Chemical weapons and their capacity to kill civilians at a disproportionately higher rate is what separates them from other conventional weapons. According to an analysis by the Carnegie Endowment for Peace, “Under ideal conditions 1 ton of Sarin dropped from an airplane could produce 3,000 to 8,000 deaths”. They are also indiscriminate in their usage, given the inability to control the agent once it has been dispersed, making them not only a weapon of mass destruction, but also a weapon of mass terror. The same analysis also cited a UN report which claimed, “a chemical weapon of 15 tons might kill 50 percent of the people in a 60 square kilometer area.” Then there is the long-term effect of the chemical agents, such as visual impairment, chronic dermatological conditions, long-term respiratory problems, and cancer.

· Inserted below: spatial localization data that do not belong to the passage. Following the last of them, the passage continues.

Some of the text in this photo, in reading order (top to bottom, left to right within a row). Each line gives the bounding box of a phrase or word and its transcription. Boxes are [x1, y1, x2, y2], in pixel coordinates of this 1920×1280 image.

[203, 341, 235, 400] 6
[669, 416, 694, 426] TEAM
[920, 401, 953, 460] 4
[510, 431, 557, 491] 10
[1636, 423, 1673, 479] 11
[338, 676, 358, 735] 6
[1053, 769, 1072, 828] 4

To assume that “red-lines” on chemical weapons should not be enforced, would be to assume that the very same “red-lines” on biological and nuclear weapons should also not be enforced – should that terrifying scenario ever come to pass. Is this something we’re willing to negotiate on as the world becomes more complex and dangerous? That is the conundrum we’re facing and the reason why we cannot allow chemical weapons attacks to go unanswered -Trump or no Trump.
There is no strategy for Syria (not under Obama, not under Trump) and this strike, like the US strike in April last year, was only a tactical pin-prick meant to degrade capabilities not end the conflict. That does not mean we have to let Syrian civilians be killed with weapons of mass terror by a murderous regime that has wholesale slaughtered its own people since 2011.
Trump is a reckless, loutish president, but in authorizing the Pentagon’s strikes on Syria he was justified. Our feelings on foreign policy should not be conflated with our feelings about the president – remember the long game. Nonetheless, there is a bitter irony to all of this. The man who said there were a “few good people” in Charlottesville and the man who demonized refugees is also the same man who can intervene to save civilian lives from chemical attacks.
Regardless of the reasoning, the net result can still be the same: countless lives have potentially been saved by destroying facilities used to make weapons of mass destruction. If ever there was a reason for the awesome power of the US military apparatus to be applied, this is surely it. Progressives who are committed to cooperation among allies and internationalism, as a means of supporting human rights can support this kind of intervention without supporting the president. These two things can exist simultaneously.
Fingers crossed this kind of attack won’t happen again, but recent history has shown us that without consequence there is little hope that we won’t have a repeat of it.